--- Material for the task Enclosed Below ---

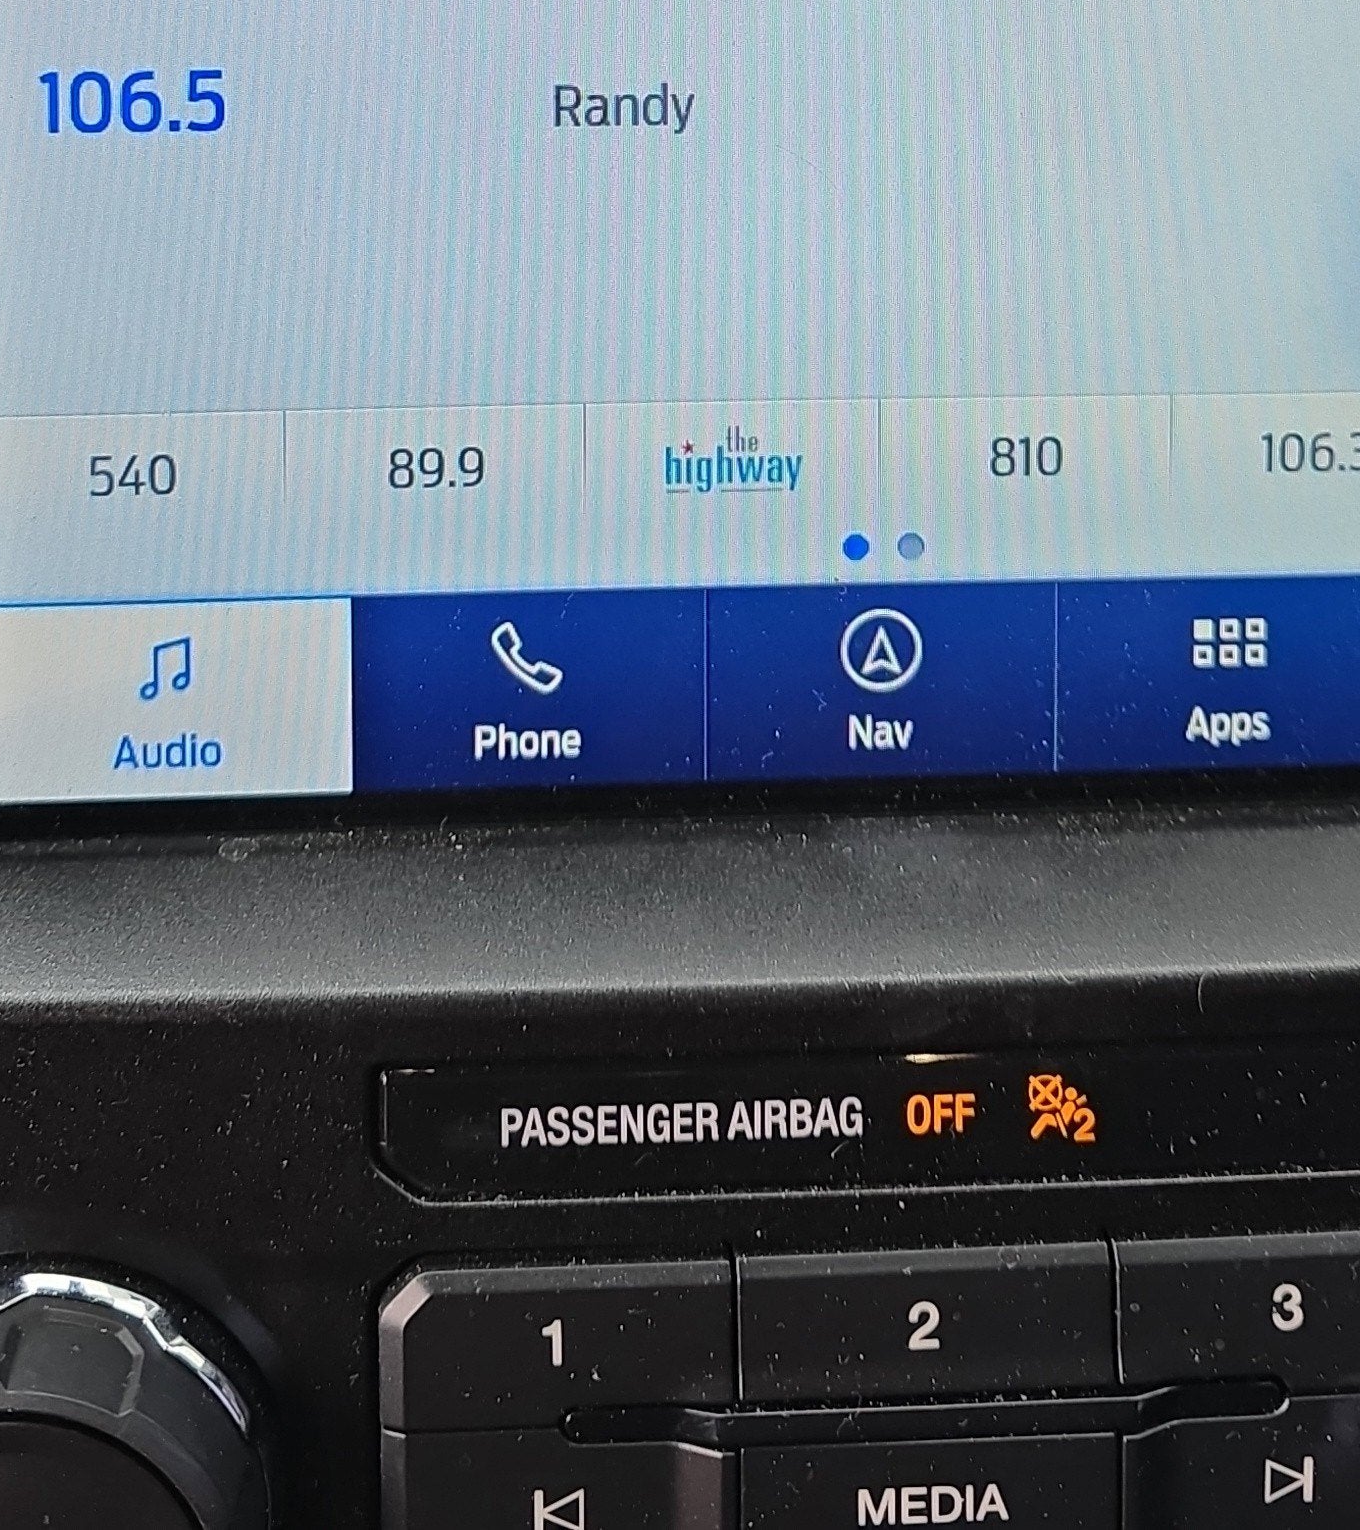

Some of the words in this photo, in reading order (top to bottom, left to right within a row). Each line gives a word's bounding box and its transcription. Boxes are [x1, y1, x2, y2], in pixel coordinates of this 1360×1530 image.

[40, 70, 224, 133] 106.5
[554, 83, 694, 134] Randy
[726, 425, 759, 453] the
[990, 436, 1063, 477] 810
[90, 455, 176, 497] 540
[389, 447, 484, 489] 89.9
[665, 442, 803, 493] highway
[475, 724, 581, 759] Phone
[849, 715, 912, 749] Nav
[1186, 707, 1270, 746] Apps
[114, 734, 221, 769] Audio
[502, 1103, 719, 1147] PASSENGER
[728, 1097, 862, 1139] AIRBAG
[907, 1093, 975, 1134] OFF
[909, 1301, 939, 1350] 2
[1273, 1284, 1303, 1330] 3
[542, 1320, 562, 1365] 1
[858, 1484, 1008, 1525] MEDIA
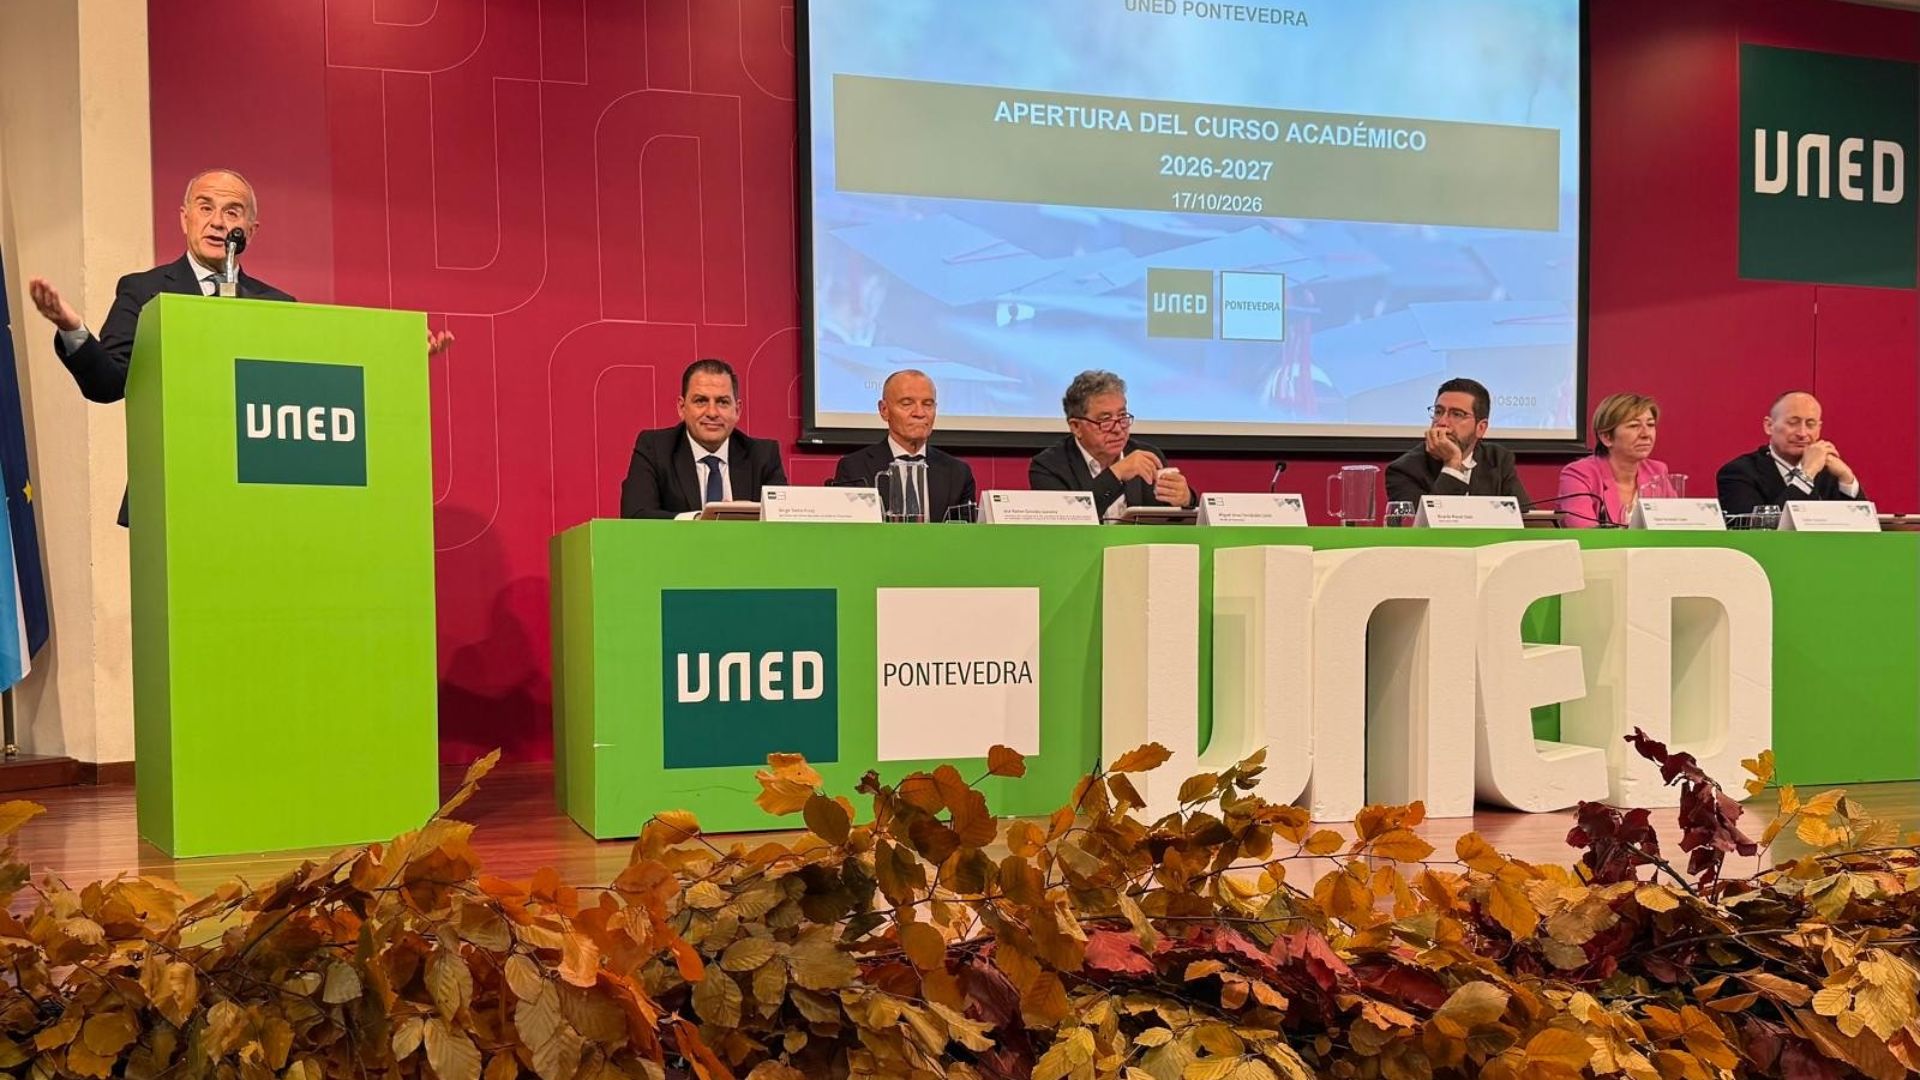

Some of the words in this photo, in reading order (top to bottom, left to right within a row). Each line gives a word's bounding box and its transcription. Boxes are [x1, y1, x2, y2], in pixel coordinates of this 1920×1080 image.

--- End of Enclosed Material for the task ---

Brief: Output a precise copy of the entries, leaving the images out.

Task output:
Some of the words in this photo, in reading order (top to bottom, left to right within a row). Each line gives a word's bounding box and its transcription. Boxes are [x1, y1, x2, y2], in pixel coordinates of this 1360×1530 image.

[40, 70, 224, 133] 106.5
[554, 83, 694, 134] Randy
[726, 425, 759, 453] the
[990, 436, 1063, 477] 810
[90, 455, 176, 497] 540
[389, 447, 484, 489] 89.9
[665, 442, 803, 493] highway
[475, 724, 581, 759] Phone
[849, 715, 912, 749] Nav
[1186, 707, 1270, 746] Apps
[114, 734, 221, 769] Audio
[502, 1103, 719, 1147] PASSENGER
[728, 1097, 862, 1139] AIRBAG
[907, 1093, 975, 1134] OFF
[909, 1301, 939, 1350] 2
[1273, 1284, 1303, 1330] 3
[542, 1320, 562, 1365] 1
[858, 1484, 1008, 1525] MEDIA

Some of the words in this photo, in reading order (top to bottom, left to right within a row). Each line gives a word's bounding box and its transcription. Boxes are [x1, y1, x2, y2], in pixel coordinates of this 1920×1080 image.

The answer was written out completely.